The Godly image Adam and Eve possess makes them unique amongst all other
creatures, and compels them to forge a bond with God, which stands at the
center of their lives on earth. Given that Adam and Eve are prototypes for
men and women of all generations, each of us has the same opportunity as
they did to achieve the personal fulfillment that comes from unlocking
one's potential and connecting to a source of spiritual satisfaction.
This work fosters a sense of internal well being as well as satisfaction
in one's relationships.
The process of connecting internally and externally brings forth a
pleasing sense of "three-part harmony" in life that comes from engaging in
three different types of relationships. These are:
- The relationship between individual and self
- The relationship between individual and others
- The relationship between individual and God
Each of the above interactions has a specific purpose while, at the same
time, all three are inextricably connected. Work takes place in all three
spheres, and every individual makes progress according to his or her
Immersion in such a project gives rise to a sense of meaning and pleasure
in all aspects of life.
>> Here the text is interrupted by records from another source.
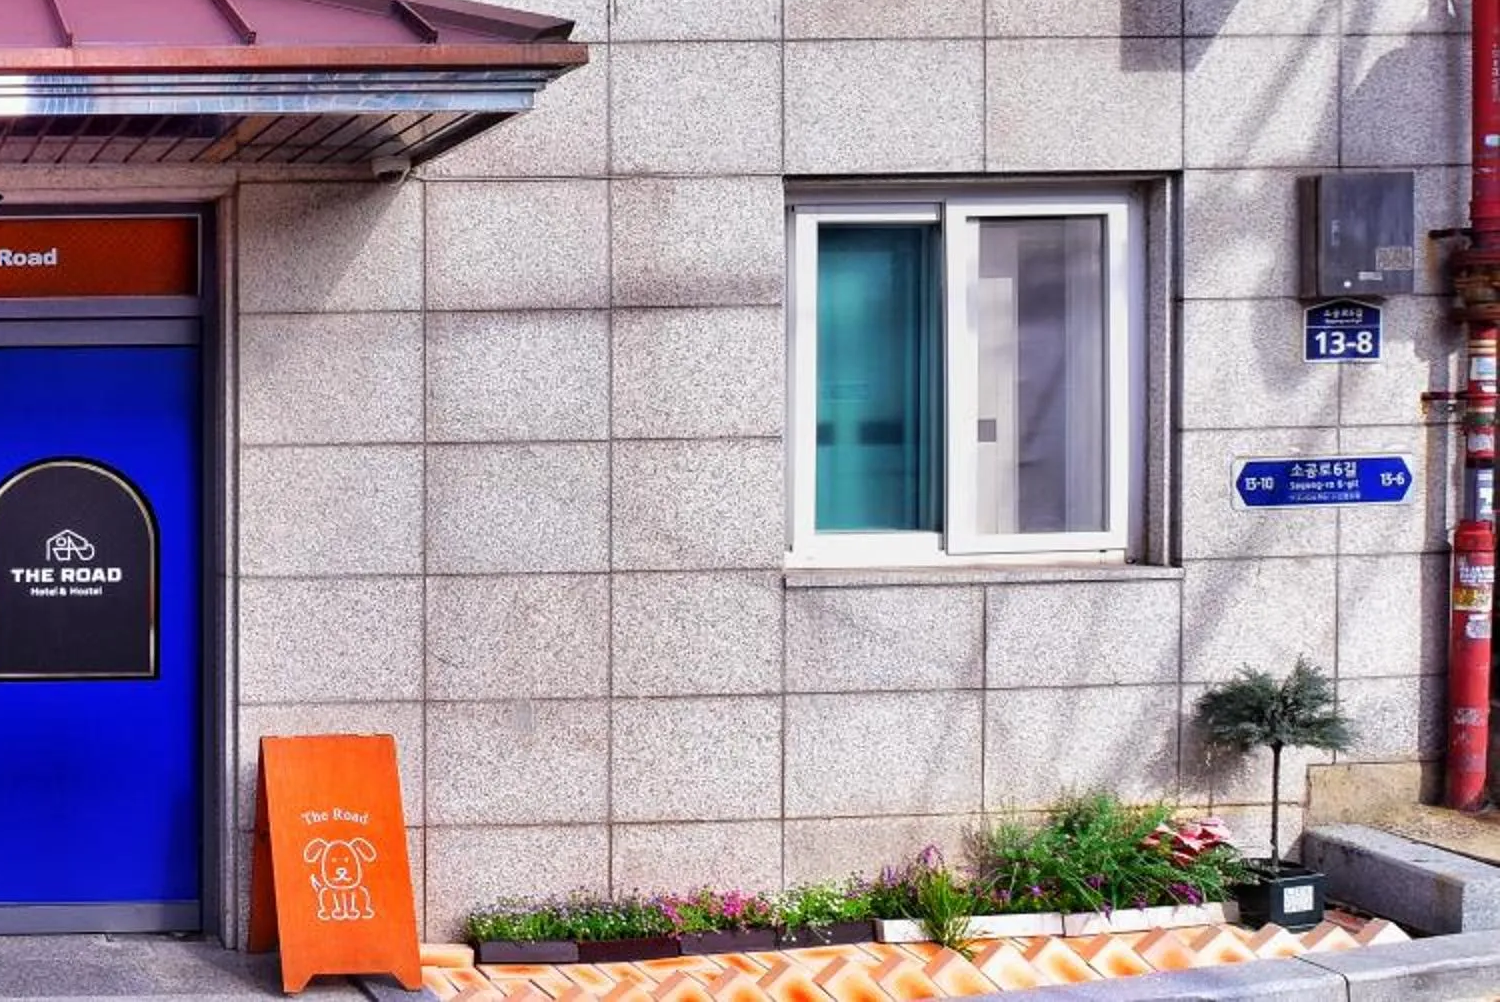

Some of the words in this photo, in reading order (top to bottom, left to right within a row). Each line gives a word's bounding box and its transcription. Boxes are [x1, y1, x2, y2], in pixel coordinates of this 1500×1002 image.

[1315, 331, 1373, 354] 13-8
[11, 568, 55, 583] THE
[61, 567, 122, 583] ROAD
[30, 586, 58, 596] Hotel
[59, 587, 67, 596] &
[70, 586, 103, 596] Hostel
[301, 810, 328, 826] The
[332, 807, 369, 826] Road
In addition, the task compels man and woman to
work together as a team, with each member contributing specific skills and
talents towards an overall goal. (Our previous class further elaborates
on this concept).
In terms of the job descriptions for man and woman as members of a team,
God gives "feminine" attributes to Eve and "masculine" attributes to Adam
for use as tools of personal growth and relationship building. These
attributes persist today as a God given road map, directing us towards
personal and spiritual fulfillment. While feminine and masculine job
descriptions in general follow gender distinctions, they are not mutually
exclusive. In the same way that the relationship spheres intersect, so it
is with the contribution of man and woman to their shared goal.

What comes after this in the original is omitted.